• What to do: Exactly as they appear, output all of the records. Skip any images.

• Raw data:
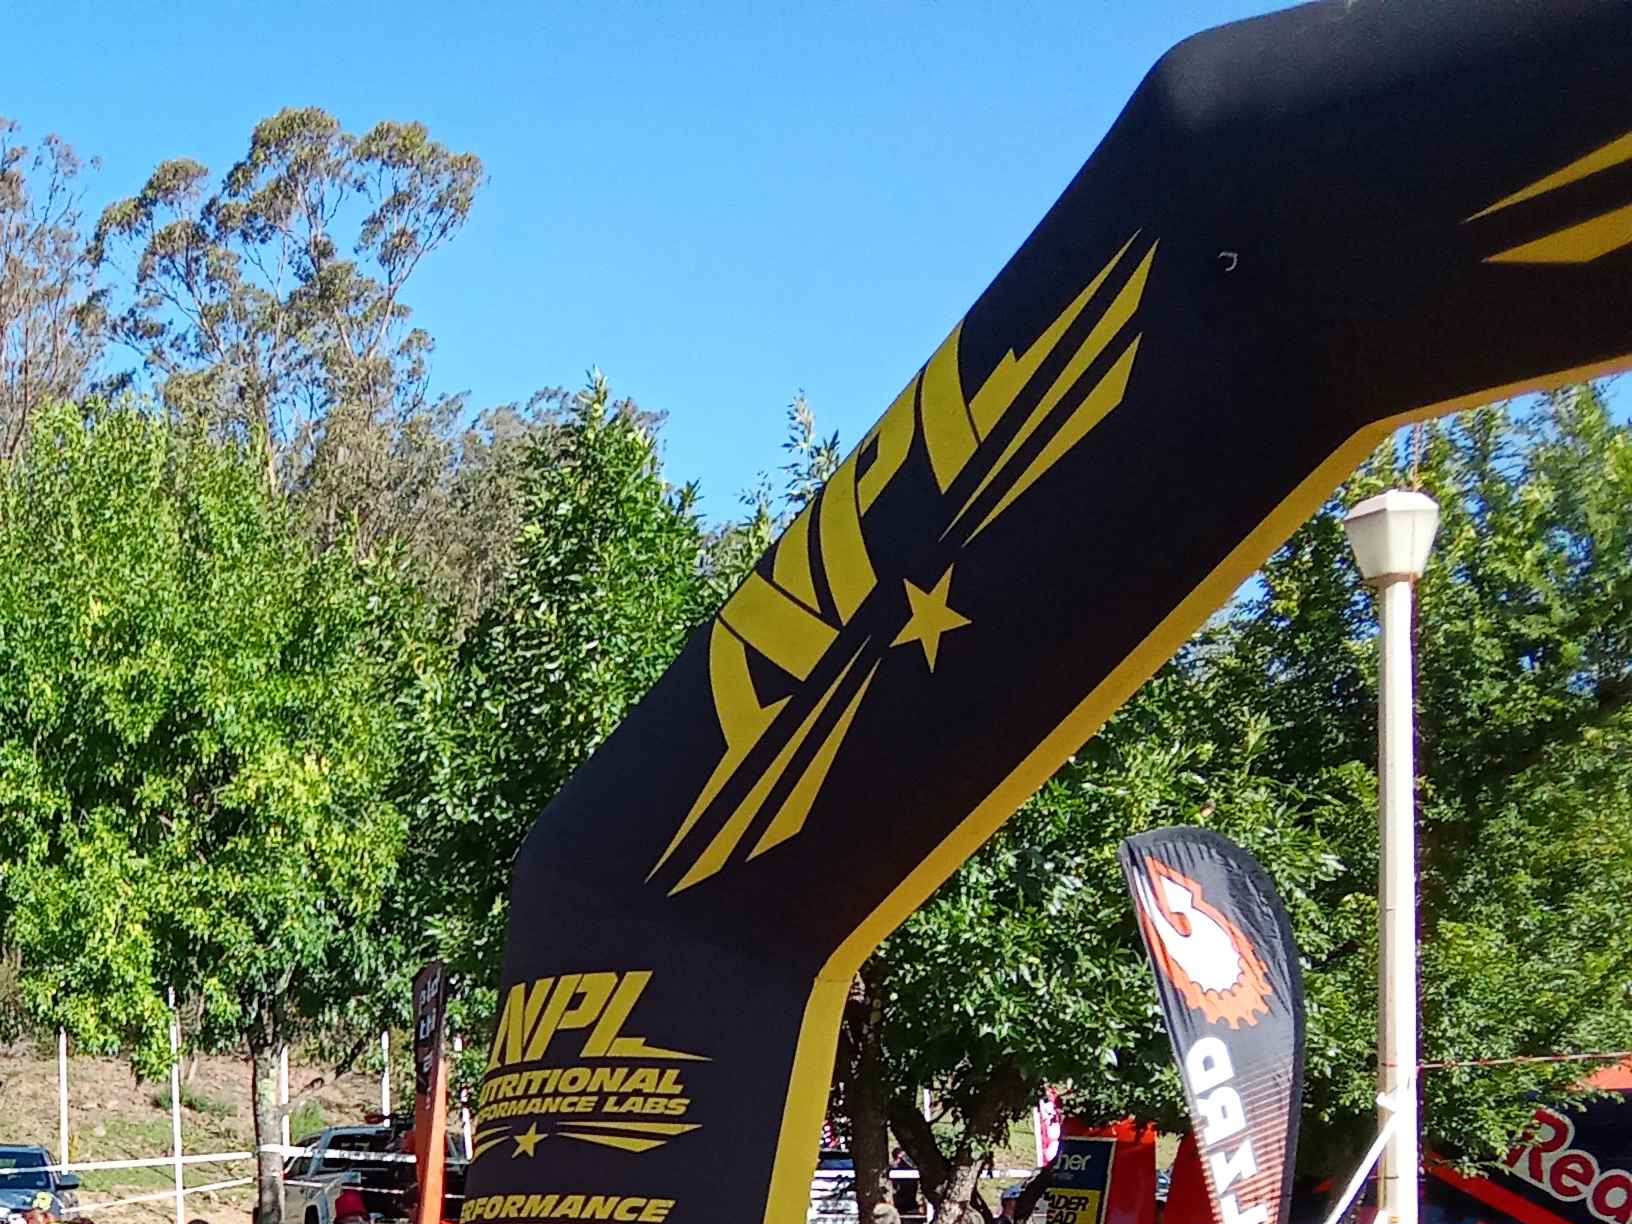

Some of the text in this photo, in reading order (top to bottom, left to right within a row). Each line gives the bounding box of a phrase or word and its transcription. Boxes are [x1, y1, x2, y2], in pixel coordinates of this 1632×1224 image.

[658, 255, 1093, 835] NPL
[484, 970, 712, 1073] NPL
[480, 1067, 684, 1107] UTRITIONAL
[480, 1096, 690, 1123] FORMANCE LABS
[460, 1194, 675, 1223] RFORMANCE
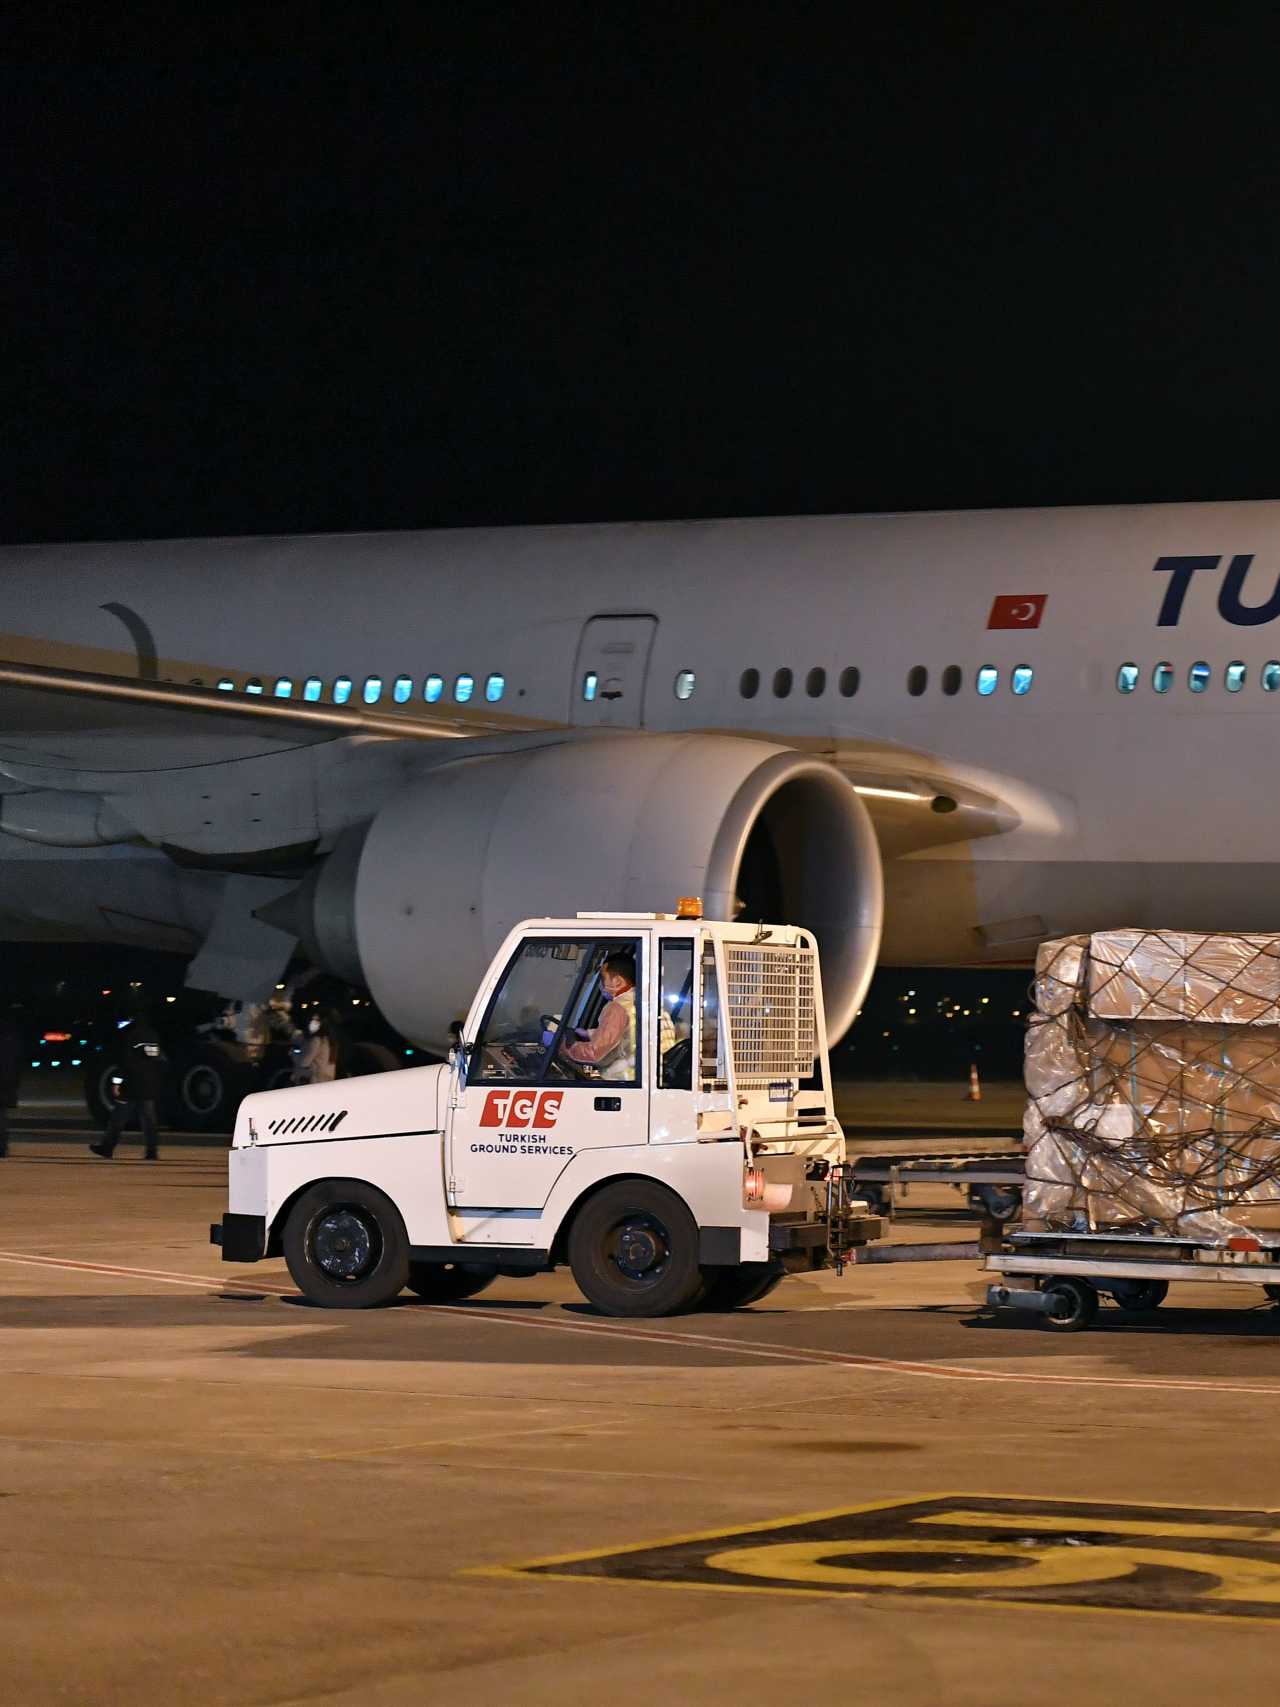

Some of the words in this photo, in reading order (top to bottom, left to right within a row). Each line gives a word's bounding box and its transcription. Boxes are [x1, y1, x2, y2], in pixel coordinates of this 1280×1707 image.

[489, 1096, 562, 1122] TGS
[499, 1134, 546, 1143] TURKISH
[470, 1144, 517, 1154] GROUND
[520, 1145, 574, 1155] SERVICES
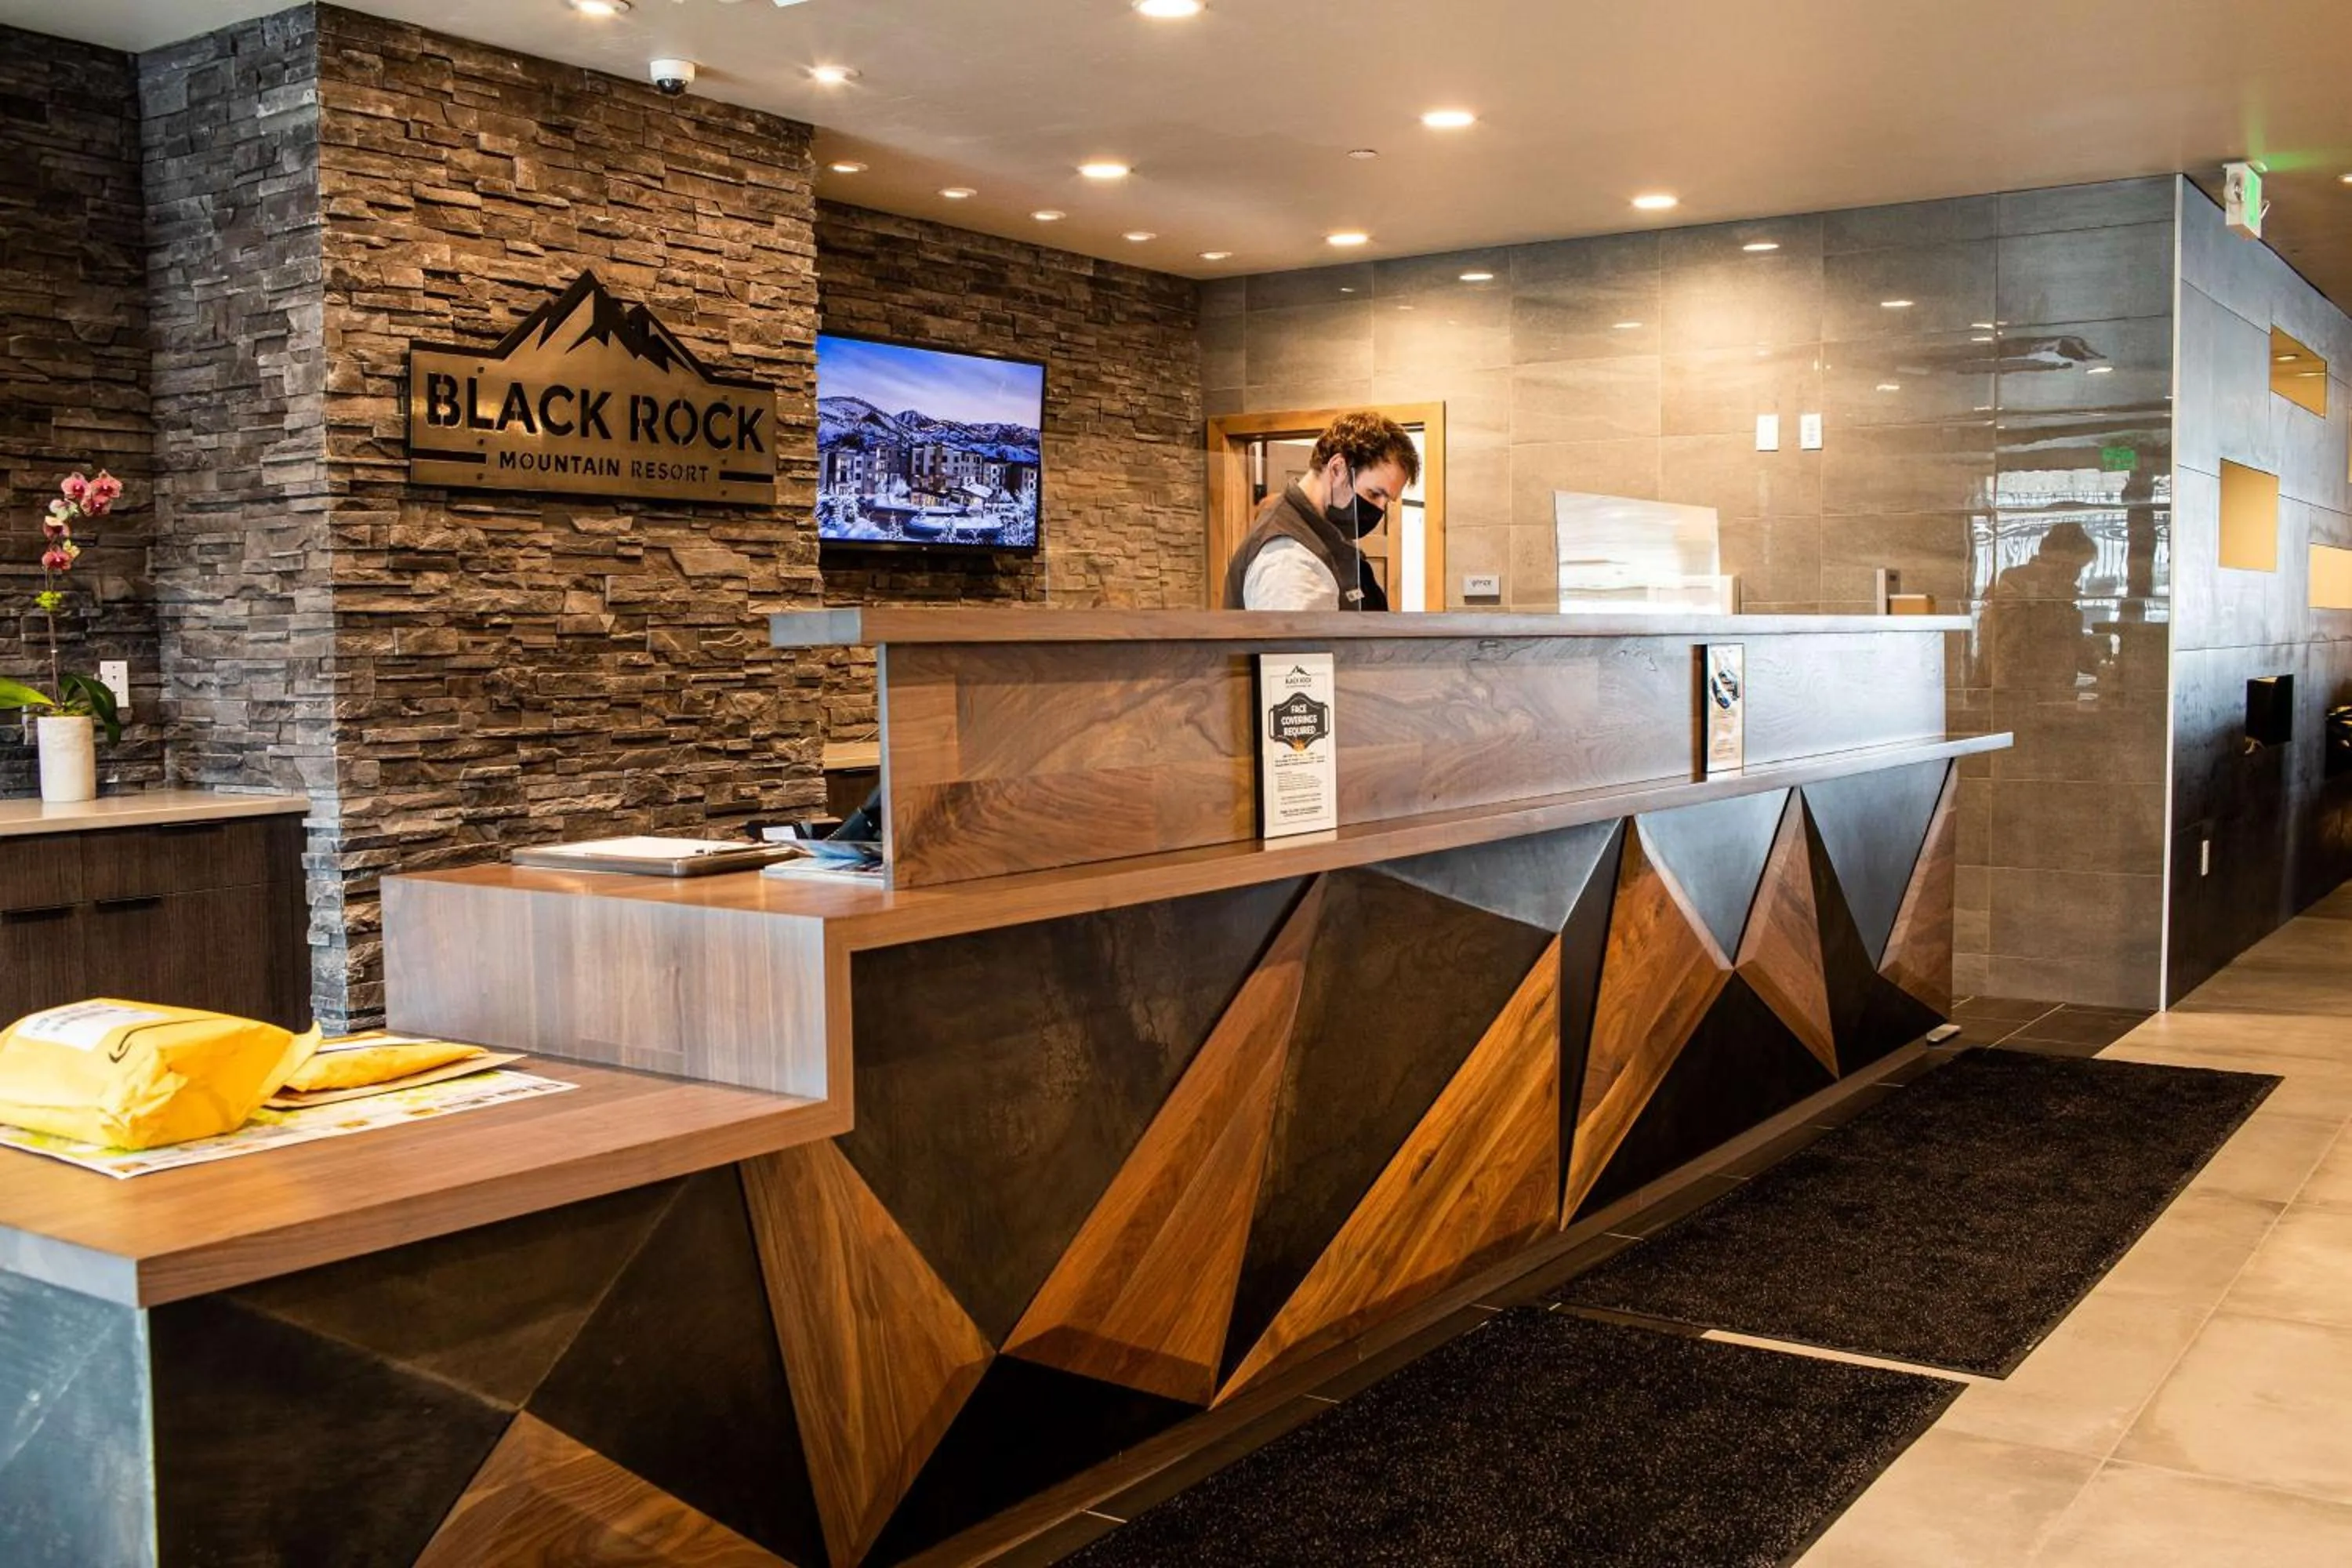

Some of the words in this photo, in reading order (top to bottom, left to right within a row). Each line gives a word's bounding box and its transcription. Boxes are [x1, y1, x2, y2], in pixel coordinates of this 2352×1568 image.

• Result for this task:
Some of the text in this photo, in reading order (top to bottom, left to right within a row). Each line gives the bounding box of a phrase or word and its transcription. Boxes are [x1, y1, x2, y2], in pixel coordinates of this 1632×1224 image.

[658, 255, 1093, 835] NPL
[484, 970, 712, 1073] NPL
[480, 1067, 684, 1107] UTRITIONAL
[480, 1096, 690, 1123] FORMANCE LABS
[460, 1194, 675, 1223] RFORMANCE

Some of the words in this photo, in reading order (top to bottom, left to right within a row). Each line gives a word's bounding box and its transcription. Boxes are [x1, y1, x2, y2], in pixel coordinates of this 1280×1707 image.

[489, 1096, 562, 1122] TGS
[499, 1134, 546, 1143] TURKISH
[470, 1144, 517, 1154] GROUND
[520, 1145, 574, 1155] SERVICES

Some of the words in this photo, in reading order (top to bottom, left to right within a row). Each line gives a word's bounding box and its transcription. Boxes are [x1, y1, x2, y2], in pixel coordinates of this 2352×1568 image.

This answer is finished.